Prior to his time at IronNet, Jamil served on the leadership team of the Senate Foreign Relations Committee as Chief Counsel and Senior Advisor under Chairman Bob Corker (R-TN), where he worked on key national security and foreign policy issues, including leading the drafting of the proposed Authorization for the Use of Military Force against ISIS in 2014 and 2015, the AUMF against Syria in 2013, and revisions to the 9/11 AUMF against al Qaeda. Jamil was also the lead architect of the Iran Nuclear Agreement Review Act and two sanctions laws against Russia for its first intervention in Ukraine.
Prior to joining SFRC, Jamil served as Senior Counsel to the House Permanent Select Committee on Intelligence under Chairman Mike Rogers (R-MI) where he led the committee’s oversight of NSA surveillance, NRO intelligence issues, and NGA analytic and collection matters, as well as intelligence community-wide counterterrorism issues. Jamil was also the lead architect of the Cyber Intelligence Sharing and Protection Act, the nation’s first cyber threat intelligence sharing legislation that was signed into law in 2015.

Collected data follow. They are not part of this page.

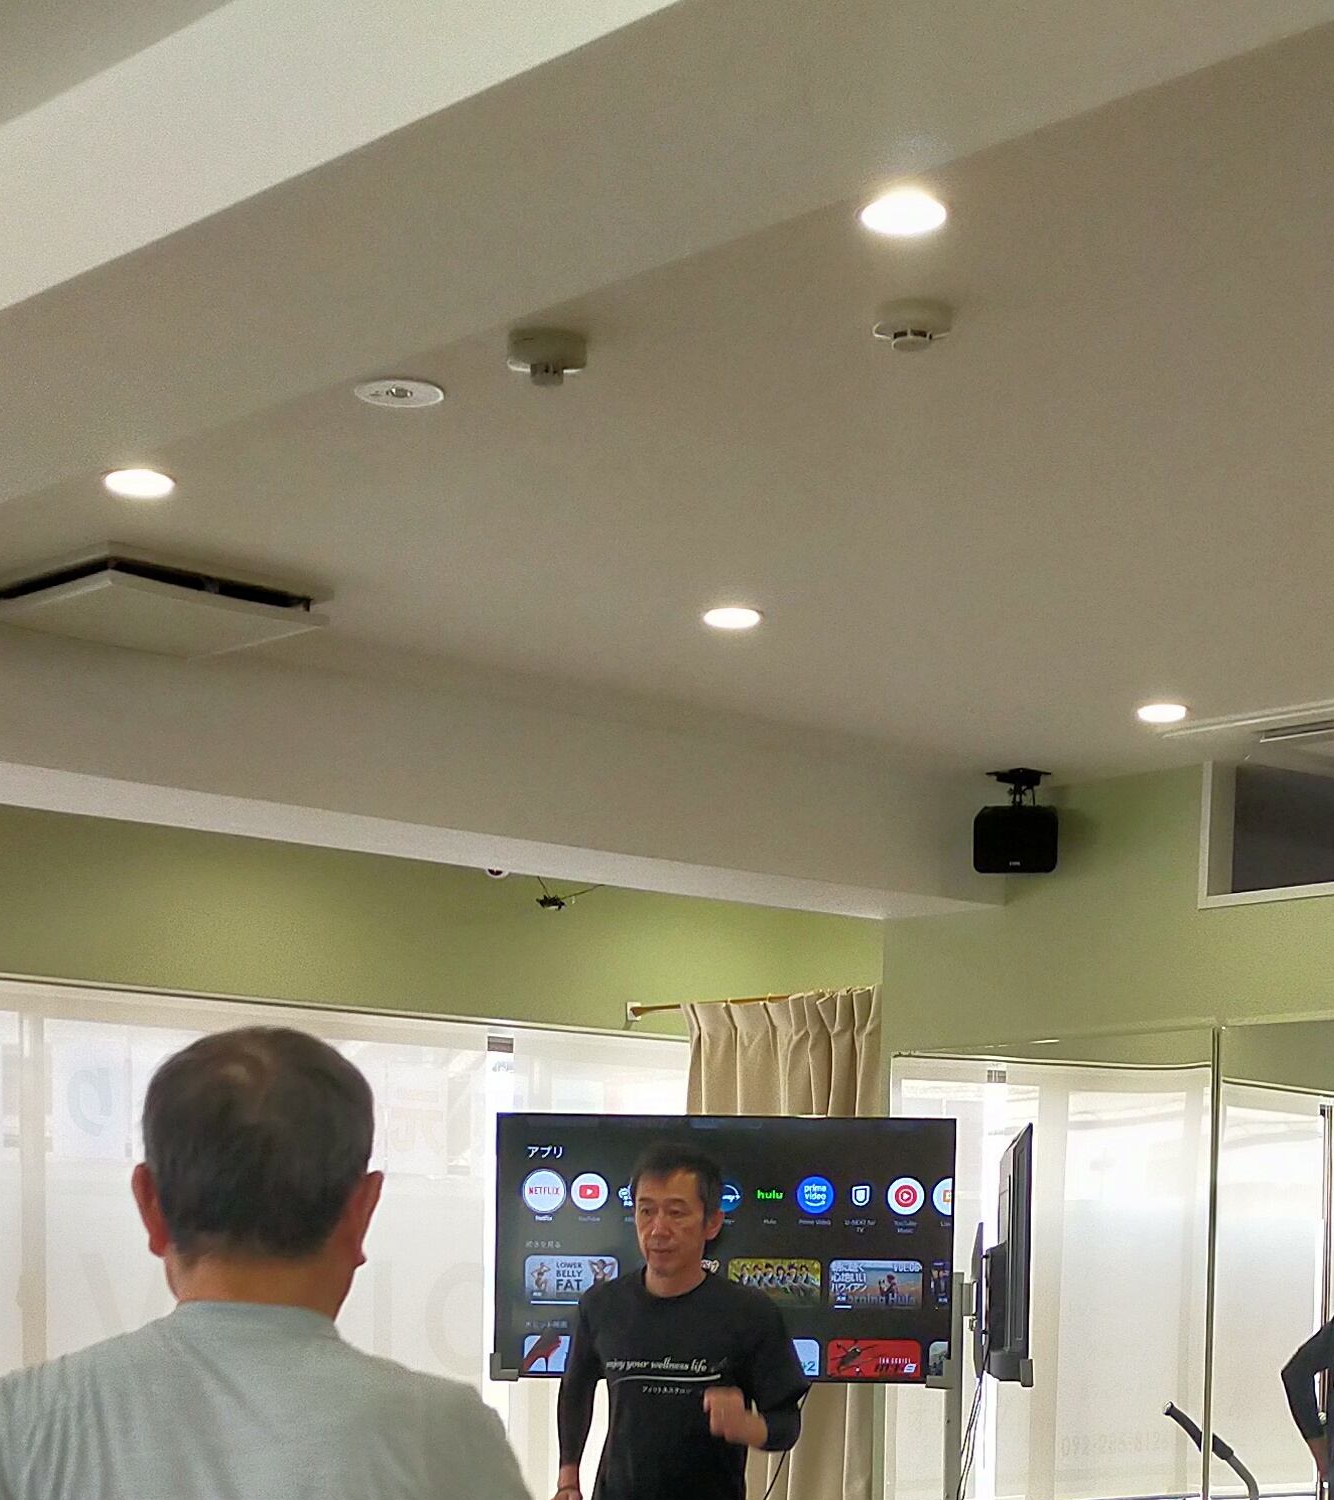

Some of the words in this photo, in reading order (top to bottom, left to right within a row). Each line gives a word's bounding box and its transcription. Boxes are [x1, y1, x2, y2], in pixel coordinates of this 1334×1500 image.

[527, 1145, 563, 1159] アプリ
[528, 1186, 560, 1195] NETFLIX
[756, 1188, 784, 1200] hulu
[803, 1183, 827, 1194] prime
[804, 1192, 827, 1200] video
[556, 1270, 582, 1278] BELLY
[556, 1279, 583, 1291] FAT
[831, 1283, 867, 1292] ハワイアン
[626, 1360, 650, 1371] your
[651, 1356, 689, 1370] wellness
[691, 1357, 707, 1372] life
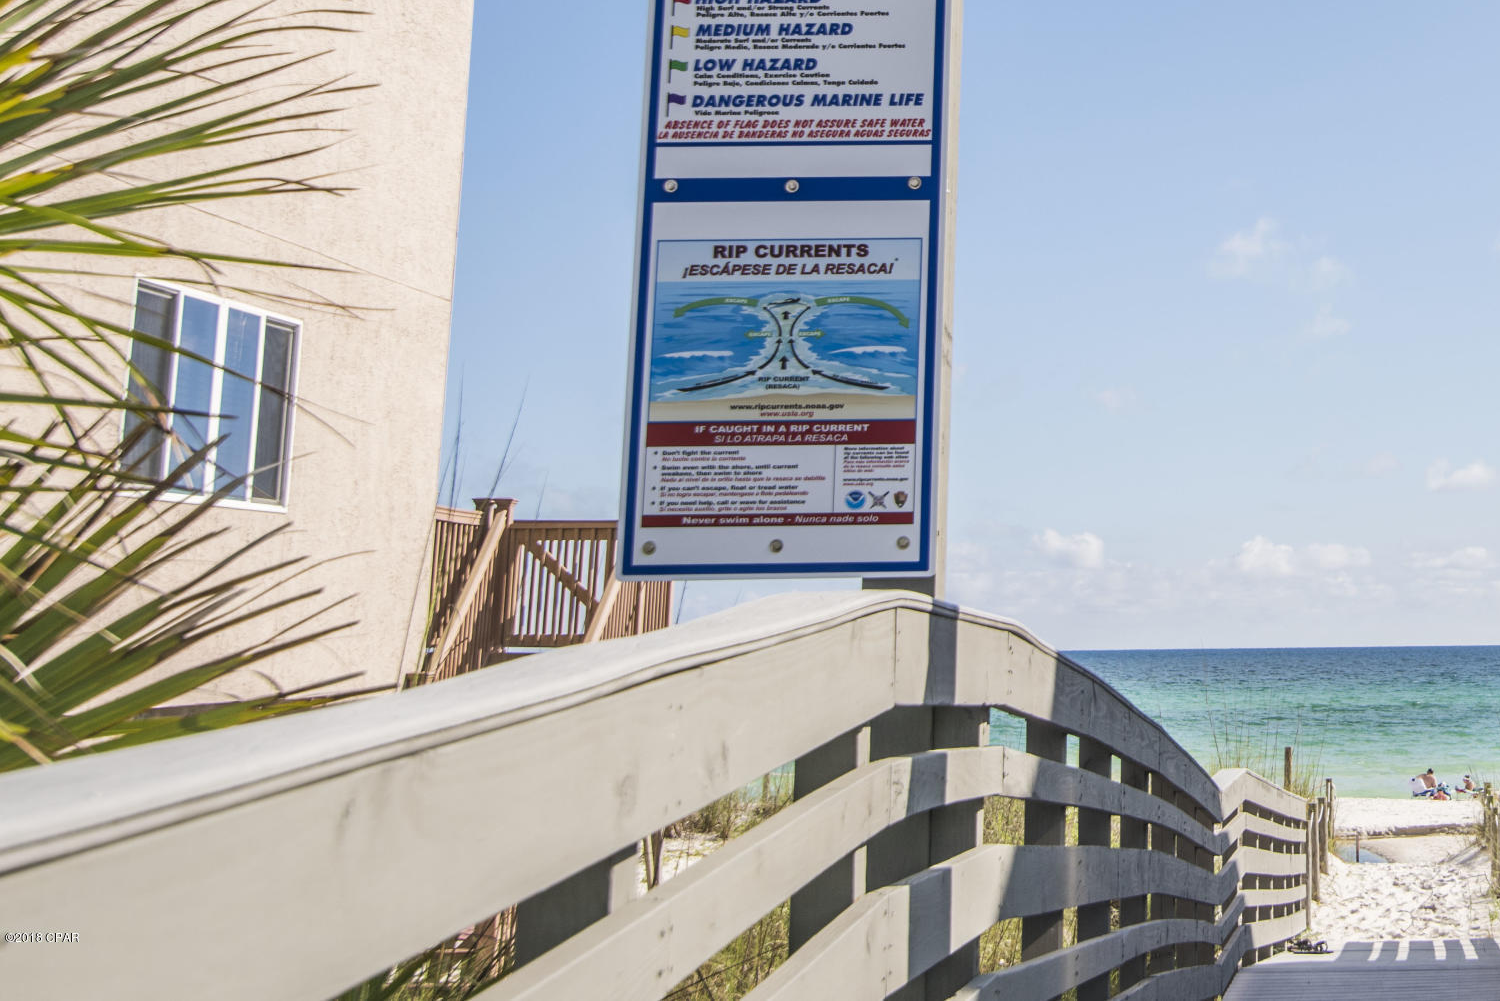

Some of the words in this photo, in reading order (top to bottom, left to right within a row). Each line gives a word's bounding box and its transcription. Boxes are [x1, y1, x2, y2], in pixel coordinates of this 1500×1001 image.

In the Bush Administration, Jamil served in the White House as an Associate Counsel to the President, handling Defense Department, State Department, and intelligence community matters, and serving as one of the White House Counsel’s primary representatives to the National Security Council Deputies Committee.
Prior to the White House, Jamil served on the leadership team of the Justice Department’s National Security Division as Counsel to the Assistant Attorney General for National Security, where he focused on counterterrorism and intelligence matters. At NSD, Jamil helped lead the division’s work on In re: Directives, the first ever two-party litigated matter in the FISA Court and the second case before the FISA Court of Review in its 30-year history. Jamil also led NSD’s efforts on the President’s Comprehensive National Cybersecurity Initiative (CNCI), including the drafting of NSPD-54/HSPD-23, and related classified matters, and advised the National Security Agency (NSA) and U.S. Cyber Command’s predecessor organization, the Joint Function Component Command for Network Warfare (JFCC-NW), on matters related to cyber intelligence collection and offensive cyber activities. For his work on these matters, Jamil was awarded the Assistant Attorney General’s Award for Special Initiative and was among the group of lawyers awarded the Director of National Intelligence’s 2008 Legal Award (Team of the Year – Cyber Legal).
Jamil also served in other positions in the Justice Department, including in the Office of Legal Policy, where he worked on the confirmations of Chief Justice John G. Roberts, Jr. and Justice Samuel A. Alito, Jr. to the United States Supreme Court.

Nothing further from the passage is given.